Deixando a hipocrisia de lado, sabemos que vivemos em um cenário onde a psiquiatria forense ainda é lida com filtros morais. 

Defender um borderline acusado de crime é quase um ato de resistência, porque, no fundo, a pessoa que sofre de borderline é triplamente vítima: da própria mente, da ignorância social e da indiferença jurídica. 

Mas eu insisti. Pedi a instauração do incidente de insanidade mental. 

O magistrado encaminhou o processo para a perícia oficial e veio a ratificação do que o parecer técnico da defesa já apontava: transtorno mental, colapso psíquico.

Então veio a alegria: o juiz deferiu a instauração do incidente e vi ali a oportunidade de desenvolver um debate, até então cego, surdo e moralista. 

Vejo no incidente, um raio de luz de humanidade em uma máquina de moer gente, que é o nosso sistema punitivista.

A pessoa que sofre de borderline não escolhe surtar, não premedita, não planeja ferir, ela simplesmente implode e depois explode, em absoluta imprevisibilidade. 

Ninguém escolhe sofrer de Borderline. Não está na capacidade de quem sofre do transtorno, o voluntarismo, mas sim, é vítima de um comportamento de excessos e incontrolável em razão de uma desregulação emocional que é patológica.

O criminoso decide, o borderline não, ele colapsa! Vive no limite. É limítrofe!

É possível que, para muitos, a instauração de um incidente de insanidade mental pareça apenas uma medida processual comum, mas neste caso específico, diante de uma pauta ideológica tão desenfreada, vejo como um grande passo para o avanço do processo penal. 

Significou, para mim, que o sofrimento mental precisa ser respeitado como fato jurídico relevante e não varrido para debaixo da toga.

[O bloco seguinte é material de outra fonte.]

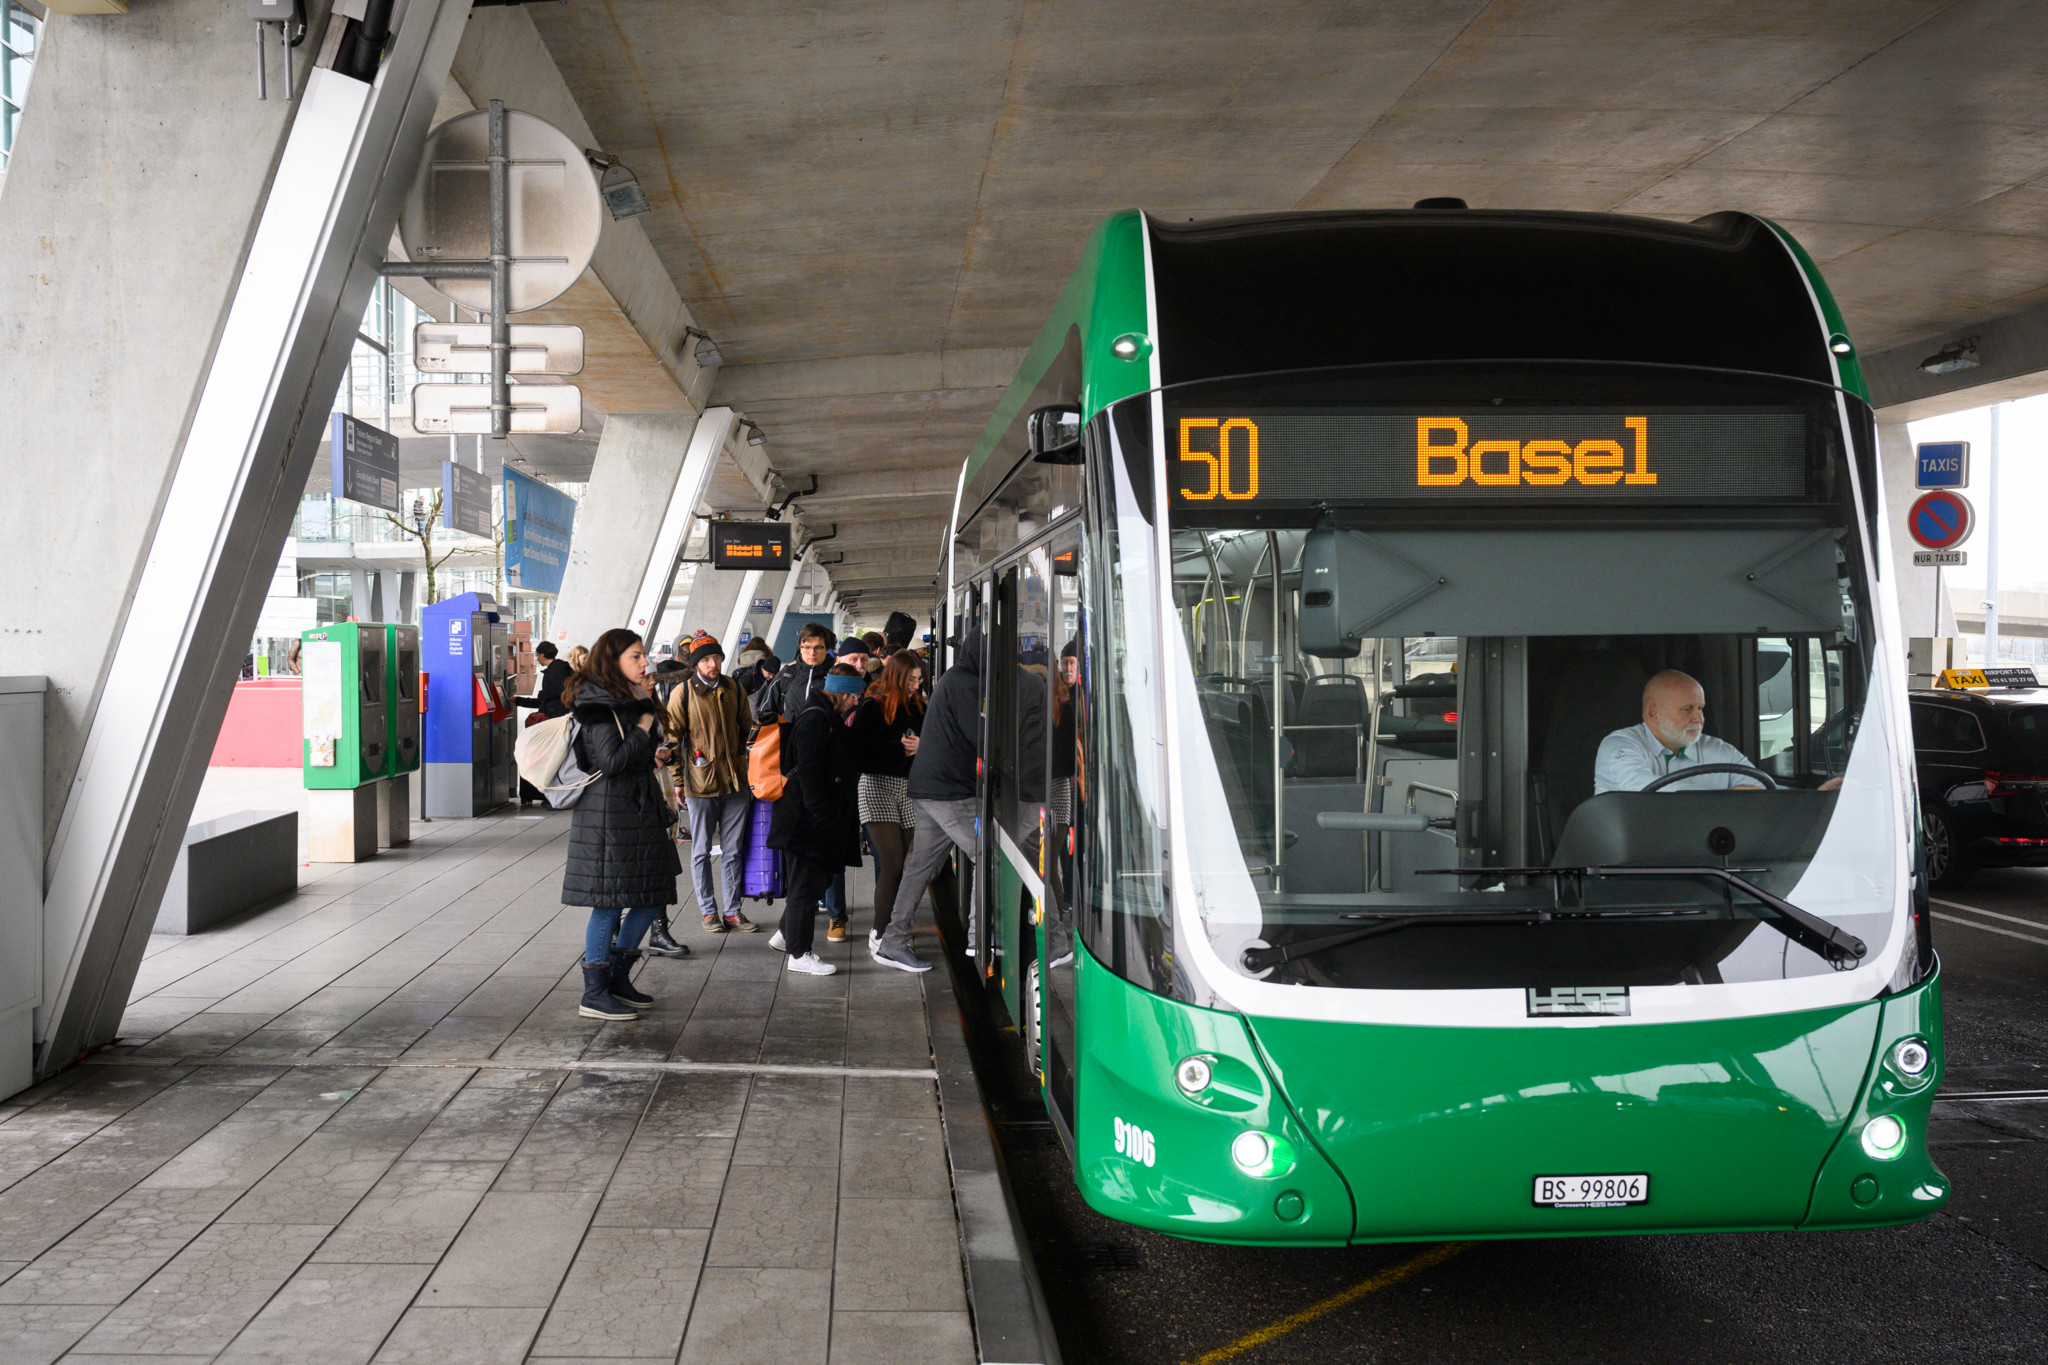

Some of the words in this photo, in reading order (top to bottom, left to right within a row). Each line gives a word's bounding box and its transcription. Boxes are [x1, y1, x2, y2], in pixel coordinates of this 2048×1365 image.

[1180, 418, 1259, 500] 50
[1416, 416, 1657, 486] Basel
[1921, 457, 1959, 473] TAXIS
[1914, 554, 1931, 564] NUR
[1935, 552, 1960, 563] TAXIS
[1951, 675, 1984, 685] TAXI
[1113, 1116, 1156, 1168] 9106
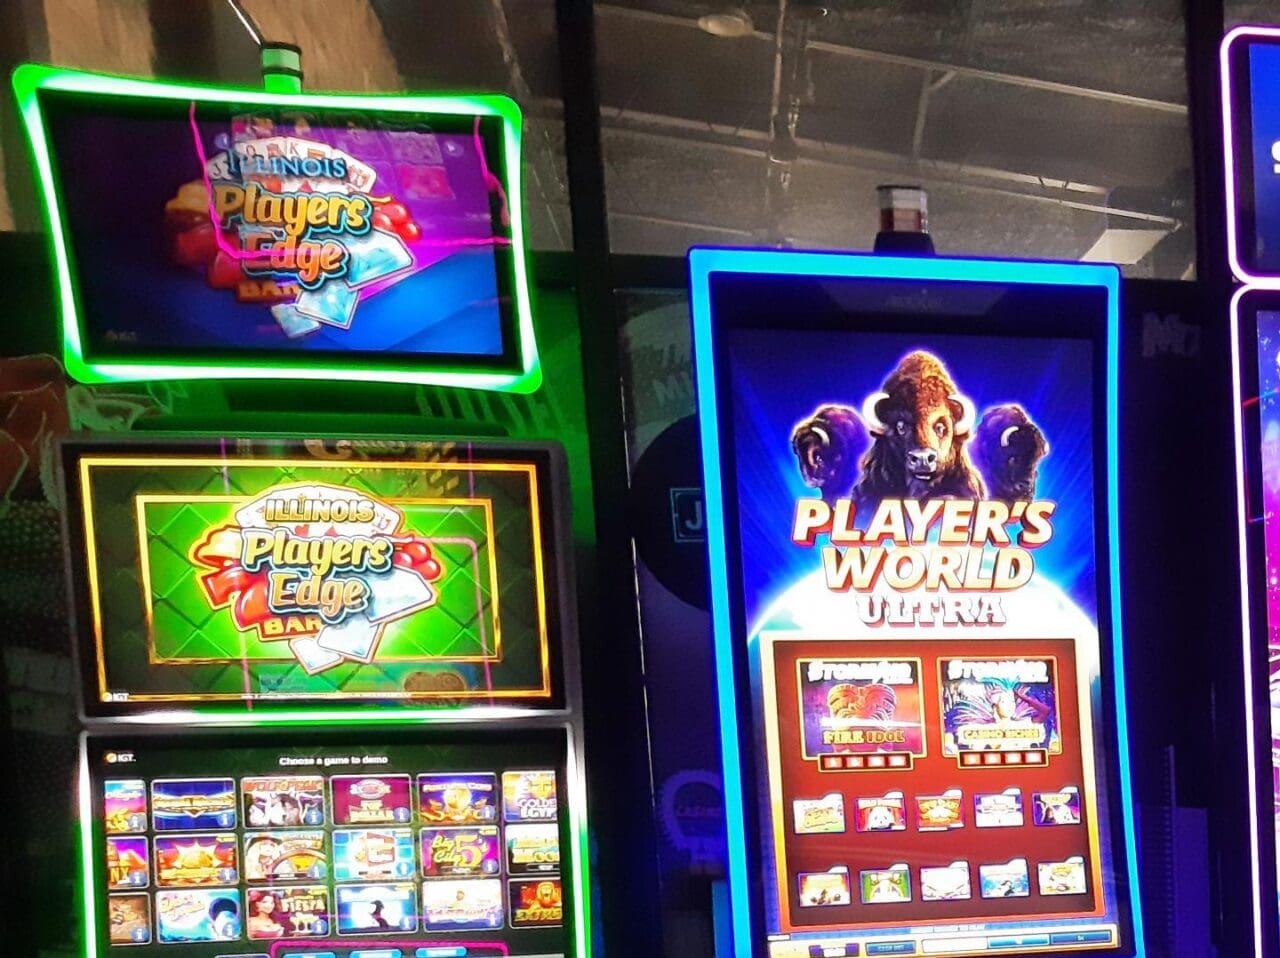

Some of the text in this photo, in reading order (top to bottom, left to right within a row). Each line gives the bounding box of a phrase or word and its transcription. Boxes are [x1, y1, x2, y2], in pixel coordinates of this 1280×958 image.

[229, 150, 347, 178] ILLINOIS
[214, 183, 370, 236] Players
[241, 231, 347, 285] Edge
[265, 499, 375, 523] ILLINOIS
[792, 498, 1056, 548] PLAYER'S
[244, 529, 391, 572] Players
[822, 546, 1035, 591] WORLD
[270, 575, 368, 617] Edge
[856, 596, 1007, 628] ULTRA
[263, 618, 322, 634] BAR
[867, 730, 906, 744] IDOL
[117, 753, 137, 763] IGT
[279, 757, 314, 765] Choose
[324, 757, 349, 766] game
[351, 756, 361, 764] to
[362, 755, 388, 764] demo

Foi uma demonstração de um gesto de lucidez judicial, que escutou a defesa ao invés de julgar automaticamente.

O que eu pedi à Justiça não foi impunidade, foi uma chance de resgatar um ser humano de condenações simbólicas e populistas. 

Pedi uma chance para que este homem tenha um processo penal justo, com o reconhecimento de que a sanção penal não pode recair sobre quem agiu sem liberdade de escolha.

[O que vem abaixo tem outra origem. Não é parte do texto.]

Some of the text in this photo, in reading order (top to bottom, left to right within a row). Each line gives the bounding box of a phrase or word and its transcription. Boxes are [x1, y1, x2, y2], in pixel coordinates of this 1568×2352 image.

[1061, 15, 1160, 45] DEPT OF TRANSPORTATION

O incidente ainda está na gênese, na fase de quesitação, mas abrimos um espaço para falarmos, com mais profundidade, sobre o Transtorno de Borderline no sistema penal e mostrar que não é um transtorno banal, não é “manipulativo”, “conveniente”, “uma desculpa”. 

Esse caso me marcou e eu resolvi compartilhar porque me fez reafirmar que a verdadeira coragem, no Direito Penal, é defender o ser humano quando o sistema já decidiu que ele não merece defesa. 

Sâmara Braúna é advogada há 24 anos, criminalista, especialista em liberdade, garantias constitucionais, em violência de gênero e crimes sexuais. Pós-graduada em Direito Penal. Conselheira Estadual OAB/MA.